● **What is needed**
Locate the line that contains "this 2048×1152 image.", then copy it and all later lines of the data below exactly, through the last one.

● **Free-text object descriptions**
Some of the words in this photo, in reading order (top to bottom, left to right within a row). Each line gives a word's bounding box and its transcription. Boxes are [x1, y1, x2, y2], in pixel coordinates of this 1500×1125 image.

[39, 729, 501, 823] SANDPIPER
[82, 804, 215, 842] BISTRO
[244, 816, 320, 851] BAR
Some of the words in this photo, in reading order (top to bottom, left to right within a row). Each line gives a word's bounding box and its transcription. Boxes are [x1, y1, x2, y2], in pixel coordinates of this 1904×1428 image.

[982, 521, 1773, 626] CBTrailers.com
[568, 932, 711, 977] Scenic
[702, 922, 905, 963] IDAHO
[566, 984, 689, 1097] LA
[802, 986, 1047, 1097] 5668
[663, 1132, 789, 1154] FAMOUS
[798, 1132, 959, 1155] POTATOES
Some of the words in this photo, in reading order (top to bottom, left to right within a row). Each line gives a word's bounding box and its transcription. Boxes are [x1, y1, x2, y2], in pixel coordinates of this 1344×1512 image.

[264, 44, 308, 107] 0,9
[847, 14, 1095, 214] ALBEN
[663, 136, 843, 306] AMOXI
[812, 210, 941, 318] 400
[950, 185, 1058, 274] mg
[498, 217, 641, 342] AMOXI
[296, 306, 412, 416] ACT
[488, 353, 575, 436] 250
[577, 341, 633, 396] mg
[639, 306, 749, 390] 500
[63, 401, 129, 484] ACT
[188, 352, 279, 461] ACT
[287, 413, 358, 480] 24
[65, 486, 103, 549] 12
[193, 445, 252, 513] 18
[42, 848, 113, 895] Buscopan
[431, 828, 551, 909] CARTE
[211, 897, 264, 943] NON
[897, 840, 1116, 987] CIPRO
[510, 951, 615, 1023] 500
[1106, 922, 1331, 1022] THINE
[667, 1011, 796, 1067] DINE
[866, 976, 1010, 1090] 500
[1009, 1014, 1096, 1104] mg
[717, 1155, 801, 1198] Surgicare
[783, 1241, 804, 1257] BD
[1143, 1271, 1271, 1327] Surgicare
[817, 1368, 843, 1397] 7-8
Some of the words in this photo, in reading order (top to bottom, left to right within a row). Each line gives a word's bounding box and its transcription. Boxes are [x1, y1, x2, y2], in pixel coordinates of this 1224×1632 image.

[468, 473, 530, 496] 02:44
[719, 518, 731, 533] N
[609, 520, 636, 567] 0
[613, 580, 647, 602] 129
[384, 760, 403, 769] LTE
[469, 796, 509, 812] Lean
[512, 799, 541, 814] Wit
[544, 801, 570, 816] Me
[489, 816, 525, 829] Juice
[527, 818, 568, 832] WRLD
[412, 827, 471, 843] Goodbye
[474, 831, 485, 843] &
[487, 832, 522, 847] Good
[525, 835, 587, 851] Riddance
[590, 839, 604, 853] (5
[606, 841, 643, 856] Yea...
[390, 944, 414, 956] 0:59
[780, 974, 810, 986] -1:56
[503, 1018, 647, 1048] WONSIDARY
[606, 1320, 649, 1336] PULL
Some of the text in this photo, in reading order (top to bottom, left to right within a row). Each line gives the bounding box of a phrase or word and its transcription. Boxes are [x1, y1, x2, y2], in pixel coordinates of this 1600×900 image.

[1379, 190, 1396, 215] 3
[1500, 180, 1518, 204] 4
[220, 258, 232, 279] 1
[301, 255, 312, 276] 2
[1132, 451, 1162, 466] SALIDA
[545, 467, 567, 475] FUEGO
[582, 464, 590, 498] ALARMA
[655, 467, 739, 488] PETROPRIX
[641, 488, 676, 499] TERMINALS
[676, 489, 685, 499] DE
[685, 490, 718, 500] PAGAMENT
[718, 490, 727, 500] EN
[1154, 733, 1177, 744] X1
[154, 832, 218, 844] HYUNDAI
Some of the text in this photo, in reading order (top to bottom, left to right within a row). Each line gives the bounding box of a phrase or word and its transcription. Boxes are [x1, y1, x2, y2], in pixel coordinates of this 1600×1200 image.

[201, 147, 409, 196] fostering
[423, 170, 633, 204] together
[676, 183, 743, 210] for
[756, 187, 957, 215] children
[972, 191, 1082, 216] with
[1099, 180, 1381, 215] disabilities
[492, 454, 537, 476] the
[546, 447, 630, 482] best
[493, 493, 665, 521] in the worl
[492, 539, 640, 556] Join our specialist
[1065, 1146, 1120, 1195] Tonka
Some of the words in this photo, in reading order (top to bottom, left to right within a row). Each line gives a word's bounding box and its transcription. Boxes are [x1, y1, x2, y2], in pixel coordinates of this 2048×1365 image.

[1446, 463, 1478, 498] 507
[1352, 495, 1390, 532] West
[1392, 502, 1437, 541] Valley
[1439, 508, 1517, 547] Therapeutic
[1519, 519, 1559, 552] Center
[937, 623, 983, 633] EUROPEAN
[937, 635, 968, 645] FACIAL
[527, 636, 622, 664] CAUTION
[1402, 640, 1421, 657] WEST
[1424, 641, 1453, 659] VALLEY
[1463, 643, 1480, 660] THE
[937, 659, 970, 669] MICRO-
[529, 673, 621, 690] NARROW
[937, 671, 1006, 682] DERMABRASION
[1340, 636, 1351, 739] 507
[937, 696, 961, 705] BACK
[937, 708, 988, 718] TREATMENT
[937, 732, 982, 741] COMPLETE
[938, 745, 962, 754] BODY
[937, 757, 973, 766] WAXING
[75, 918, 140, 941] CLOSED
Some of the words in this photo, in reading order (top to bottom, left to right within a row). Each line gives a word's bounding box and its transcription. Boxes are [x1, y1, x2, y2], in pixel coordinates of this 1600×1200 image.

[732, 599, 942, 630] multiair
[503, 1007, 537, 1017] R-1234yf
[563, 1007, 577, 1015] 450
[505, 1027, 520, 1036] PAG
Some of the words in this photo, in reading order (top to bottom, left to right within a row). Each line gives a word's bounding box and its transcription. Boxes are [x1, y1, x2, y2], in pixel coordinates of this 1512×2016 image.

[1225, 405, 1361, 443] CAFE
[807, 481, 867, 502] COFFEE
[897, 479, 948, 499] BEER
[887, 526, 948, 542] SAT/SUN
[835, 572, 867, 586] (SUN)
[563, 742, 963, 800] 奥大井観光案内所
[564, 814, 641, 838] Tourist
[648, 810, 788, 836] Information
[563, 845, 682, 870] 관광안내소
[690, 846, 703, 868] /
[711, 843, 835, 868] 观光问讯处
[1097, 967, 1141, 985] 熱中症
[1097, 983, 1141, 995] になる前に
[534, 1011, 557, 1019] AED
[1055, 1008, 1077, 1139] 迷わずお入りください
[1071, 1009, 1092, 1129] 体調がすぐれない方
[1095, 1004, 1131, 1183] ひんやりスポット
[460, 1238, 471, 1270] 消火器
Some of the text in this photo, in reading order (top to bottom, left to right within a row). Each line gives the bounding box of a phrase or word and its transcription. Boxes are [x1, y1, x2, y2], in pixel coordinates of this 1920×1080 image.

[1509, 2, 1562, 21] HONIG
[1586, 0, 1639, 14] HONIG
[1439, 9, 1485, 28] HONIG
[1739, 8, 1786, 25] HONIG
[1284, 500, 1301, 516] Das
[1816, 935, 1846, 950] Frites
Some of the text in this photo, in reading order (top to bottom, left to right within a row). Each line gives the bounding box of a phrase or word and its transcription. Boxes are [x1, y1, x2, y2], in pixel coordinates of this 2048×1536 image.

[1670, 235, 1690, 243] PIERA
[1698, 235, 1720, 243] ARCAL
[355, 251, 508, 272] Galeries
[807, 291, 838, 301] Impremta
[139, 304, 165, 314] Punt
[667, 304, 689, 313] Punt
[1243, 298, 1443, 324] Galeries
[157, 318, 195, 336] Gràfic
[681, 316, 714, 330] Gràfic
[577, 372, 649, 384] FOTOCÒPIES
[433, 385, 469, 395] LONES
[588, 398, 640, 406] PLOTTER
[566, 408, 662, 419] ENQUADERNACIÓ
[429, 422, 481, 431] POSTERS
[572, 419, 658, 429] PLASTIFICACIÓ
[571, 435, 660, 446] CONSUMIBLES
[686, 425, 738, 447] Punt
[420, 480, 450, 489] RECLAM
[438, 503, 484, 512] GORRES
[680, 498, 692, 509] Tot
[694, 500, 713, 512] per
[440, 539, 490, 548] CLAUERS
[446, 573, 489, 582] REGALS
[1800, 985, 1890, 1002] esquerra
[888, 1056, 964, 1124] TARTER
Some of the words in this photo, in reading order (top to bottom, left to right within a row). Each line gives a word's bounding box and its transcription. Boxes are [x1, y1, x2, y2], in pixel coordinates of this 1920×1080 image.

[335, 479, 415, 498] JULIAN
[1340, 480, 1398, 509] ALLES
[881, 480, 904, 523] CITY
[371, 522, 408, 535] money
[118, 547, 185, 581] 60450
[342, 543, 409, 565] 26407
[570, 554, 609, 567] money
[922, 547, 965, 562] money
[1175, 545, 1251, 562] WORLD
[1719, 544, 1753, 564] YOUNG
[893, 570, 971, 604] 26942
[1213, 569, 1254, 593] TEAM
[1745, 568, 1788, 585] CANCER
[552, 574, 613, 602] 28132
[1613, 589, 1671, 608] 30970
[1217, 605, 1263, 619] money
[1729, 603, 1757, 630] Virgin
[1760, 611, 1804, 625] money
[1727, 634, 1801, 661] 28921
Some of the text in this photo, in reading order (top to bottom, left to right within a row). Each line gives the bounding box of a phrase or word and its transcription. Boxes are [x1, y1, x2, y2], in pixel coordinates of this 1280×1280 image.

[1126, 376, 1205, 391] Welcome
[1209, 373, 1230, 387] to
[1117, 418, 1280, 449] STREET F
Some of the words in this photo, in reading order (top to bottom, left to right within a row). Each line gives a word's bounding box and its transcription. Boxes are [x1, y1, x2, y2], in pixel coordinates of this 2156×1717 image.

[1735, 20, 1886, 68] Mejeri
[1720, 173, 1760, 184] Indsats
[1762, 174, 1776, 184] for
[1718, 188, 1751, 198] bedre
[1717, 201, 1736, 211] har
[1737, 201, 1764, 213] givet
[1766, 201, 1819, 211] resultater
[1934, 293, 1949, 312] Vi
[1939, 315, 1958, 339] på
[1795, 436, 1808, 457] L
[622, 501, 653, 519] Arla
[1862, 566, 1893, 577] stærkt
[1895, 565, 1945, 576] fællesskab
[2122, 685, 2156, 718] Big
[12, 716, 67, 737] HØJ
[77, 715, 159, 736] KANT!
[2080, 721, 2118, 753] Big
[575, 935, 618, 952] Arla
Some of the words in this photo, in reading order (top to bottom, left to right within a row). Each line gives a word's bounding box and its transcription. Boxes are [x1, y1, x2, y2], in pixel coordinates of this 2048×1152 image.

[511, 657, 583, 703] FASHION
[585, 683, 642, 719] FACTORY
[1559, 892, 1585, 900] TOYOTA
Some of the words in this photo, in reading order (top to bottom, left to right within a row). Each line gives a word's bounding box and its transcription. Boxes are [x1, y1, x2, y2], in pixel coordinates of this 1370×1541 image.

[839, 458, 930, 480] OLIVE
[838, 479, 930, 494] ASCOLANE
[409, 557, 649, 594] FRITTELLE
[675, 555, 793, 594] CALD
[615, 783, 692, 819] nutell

● **Written answer**
Some of the words in this photo, in reading order (top to bottom, left to right within a row). Each line gives a word's bounding box and its transcription. Boxes are [x1, y1, x2, y2], in pixel coordinates of this 2048×1152 image.

[511, 657, 583, 703] FASHION
[585, 683, 642, 719] FACTORY
[1559, 892, 1585, 900] TOYOTA
Some of the words in this photo, in reading order (top to bottom, left to right within a row). Each line gives a word's bounding box and its transcription. Boxes are [x1, y1, x2, y2], in pixel coordinates of this 1370×1541 image.

[839, 458, 930, 480] OLIVE
[838, 479, 930, 494] ASCOLANE
[409, 557, 649, 594] FRITTELLE
[675, 555, 793, 594] CALD
[615, 783, 692, 819] nutell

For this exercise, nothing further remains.